L’ordinanza stabilisce un principio di rilevanza pratica: non ogni irregolarità procedurale produce l’invalidità degli atti. Affinché un vizio formale, come il deposito tardivo di un atto, possa determinare la nullità del processo, è necessario dimostrare che da tale irregolarità sia derivato un pregiudizio concreto e irreparabile per il diritto di difesa. In assenza di tale prova, il vizio resta una mera irregolarità non sanzionabile con la nullità. Di conseguenza, il ricorso è stato dichiarato inammissibile, con condanna del ricorrente al pagamento delle spese processuali e di una somma di 3.000 euro alla Cassa delle ammende, come previsto dall’articolo 616 del codice di procedura penale in caso di ricorsi infondati.
La comunicazione tardiva delle conclusioni del Pubblico Ministero causa sempre la nullità del processo?
No, secondo l’ordinanza, la tardività non causa automaticamente la nullità. È necessario che tale ritardo abbia concretamente impedito alla difesa di presentare le proprie conclusioni scritte, ledendo così il diritto di difesa.

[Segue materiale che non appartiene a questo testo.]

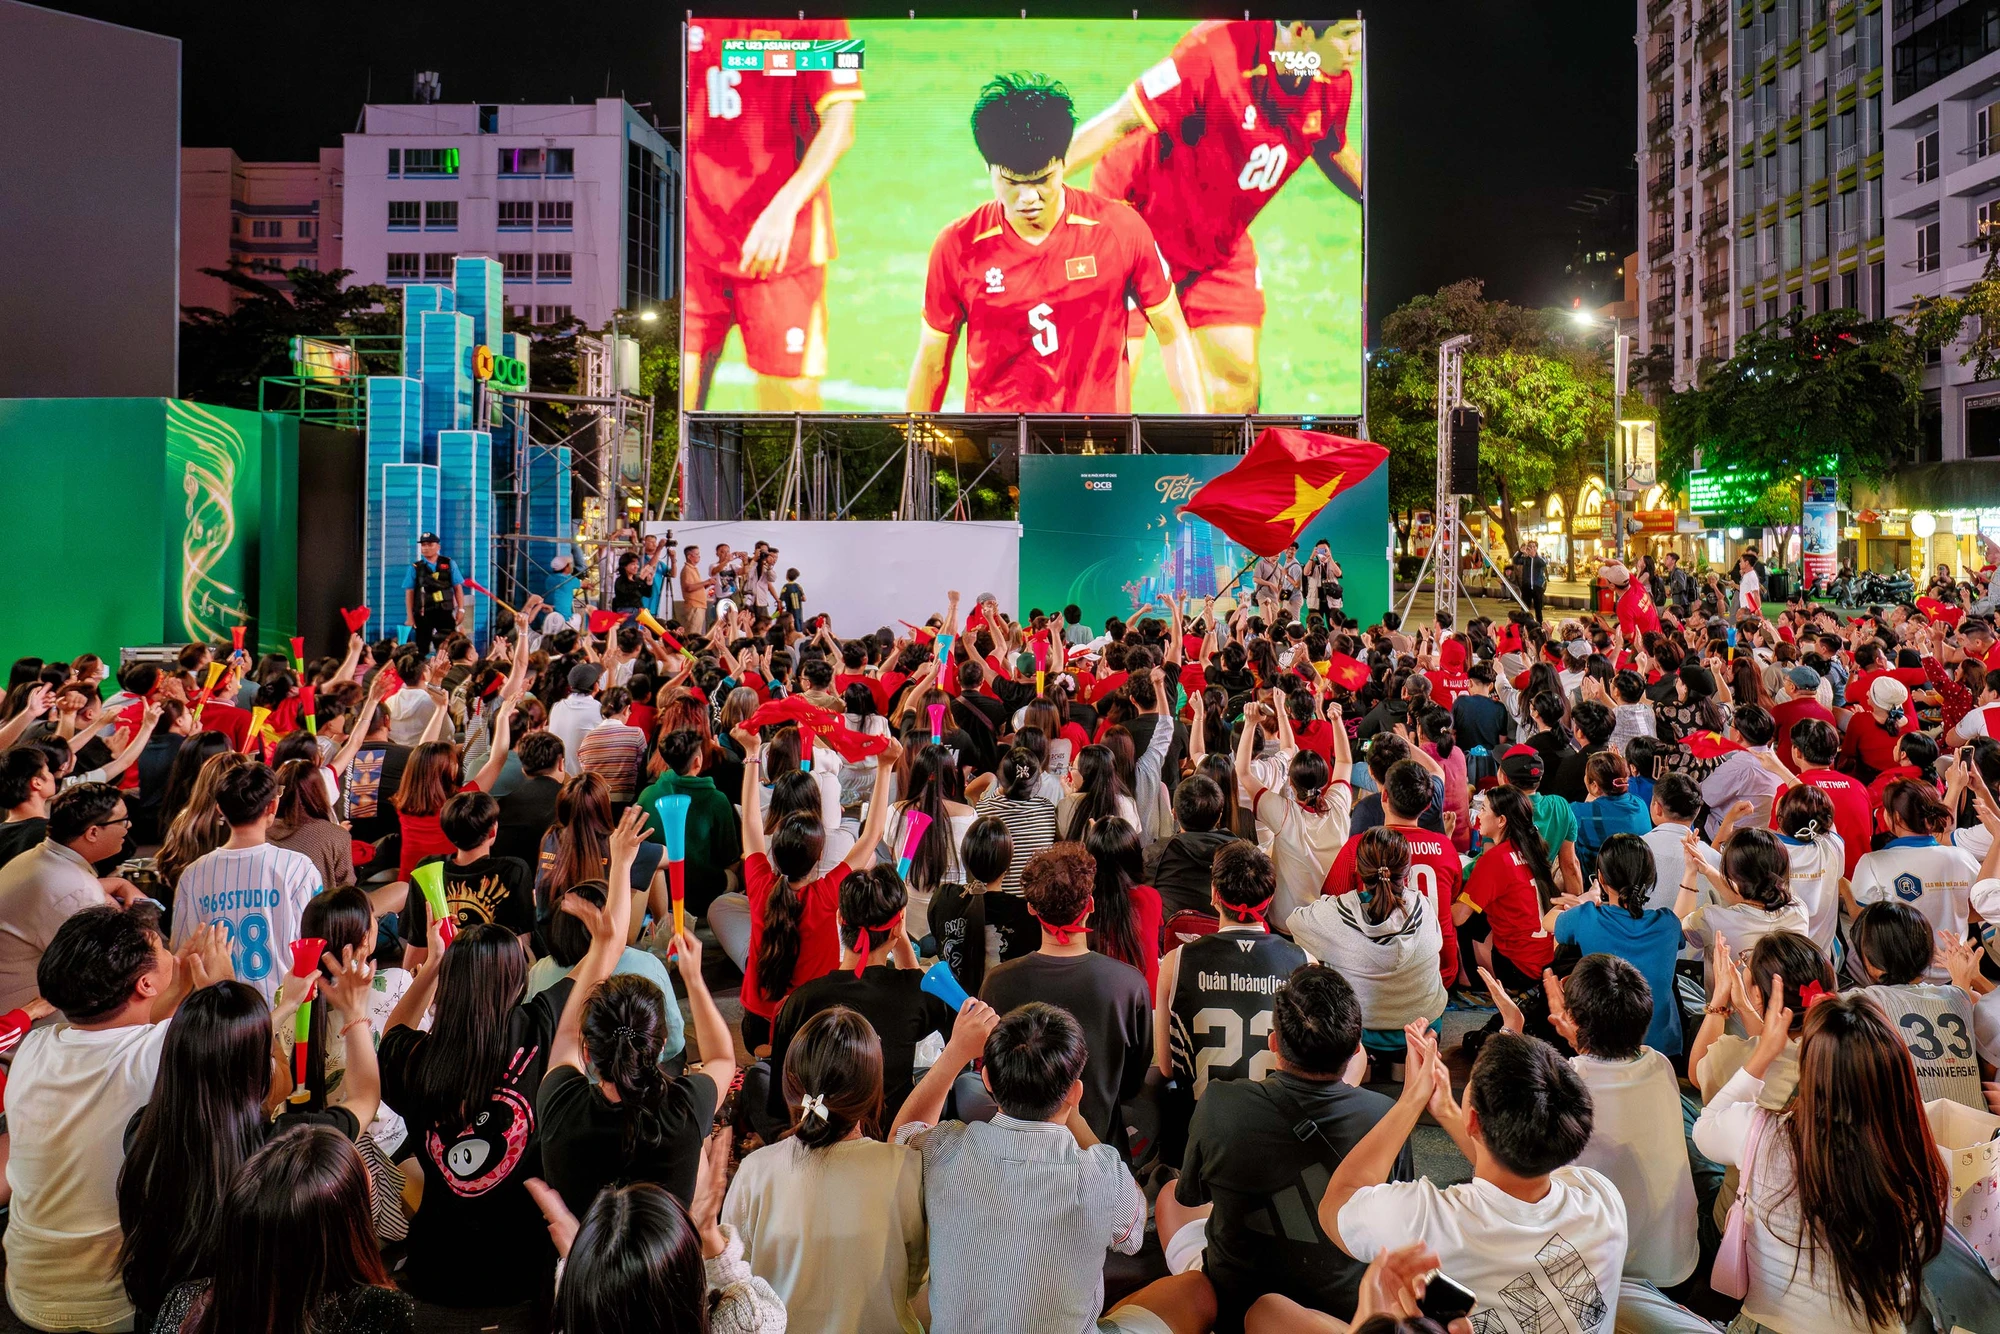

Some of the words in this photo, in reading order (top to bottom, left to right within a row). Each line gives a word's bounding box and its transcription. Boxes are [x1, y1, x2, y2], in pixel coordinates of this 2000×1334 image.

Cosa si intende per ‘nullità generale a regime intermedio’ in questo contesto?
Si riferisce a un vizio procedurale che, ai sensi dell’art. 178, comma 1, lett. c) c.p.p., riguarda l’assistenza e la rappresentanza dell’imputato. Tale nullità, per essere dichiarata, deve aver causato un pregiudizio effettivo e deve essere eccepita nei termini previsti dalla legge.
Quali sono le conseguenze per chi presenta un ricorso in Cassazione dichiarato inammissibile?
In base all’art. 616 c.p.p., la parte che ha presentato il ricorso viene condannata al pagamento delle spese processuali e di una somma di denaro in favore della Cassa delle ammende, come avvenuto in questo caso con una sanzione di 3000 euro.
Testo del provvedimento
Ordinanza di Cassazione Penale Sez. 7 Num. 43003 Anno 2024
Penale Ord. Sez. 7 Num. 43003 Anno 2024
Presidente: NOME COGNOME
Relatore: NOME COGNOME
Data Udienza: 25/10/2024
ORDINANZA
sul ricorso proposto da:
NOME COGNOME nato a SAN SEVERO il DATA_NASCITA
avverso la sentenza del 21/04/2023 della CORTE APPELLO di BARI
dato avviso alle parti; udita la relazione svolta dal Consigliere NOME COGNOME;
Ritenuto che il primo motivo dedotto è manifestamente infondato atteso che la tardiva comunicazione delle conclusioni del Pubblico Ministero secondo la disciplina emergenziale da Covid-19 può integrare un’ipotesi di nullità generale a regime intermedio ai sensi dell’art. 1 comma 1, lett. c), cod. proc. pen., ma sempre che l’inosservanza del termine abbia impedito alla parte privata di concludere, diversamente da quanto avvenuto nel caso di specie in cui la difesa aveva la possibilità di formulare le proprie conclusioni scritte dopo la comunicazione quelle depositate, sia pure tardivamente, dal Pubblico Ministero (vedi Sez. 5, n. 6207 del 17/11/2020, dep. 2021, Rv. 280412, in un caso di trasmissione non tempestiva della requisitoria del procuratore generale alle altre parti, effettuata in tempo uti consentire la presentazione delle conclusioni scritte);
ritenuto che dalla inammissibilità del ricorso deriva ex art. 616 c.p.p. la condanna del ricorrente al pagamento delle spese processuali e di una somma in favore della Cassa delle ammende che, in ragione delle questioni dedotte, si stima equo determinare in euro 3000.
P.Q.M.
Dichiara inammissibile il ricorso e condanna il ricorrente al pagamento delle spese processuali e della somma di euro 3000 in favore della Cassa delle ammende.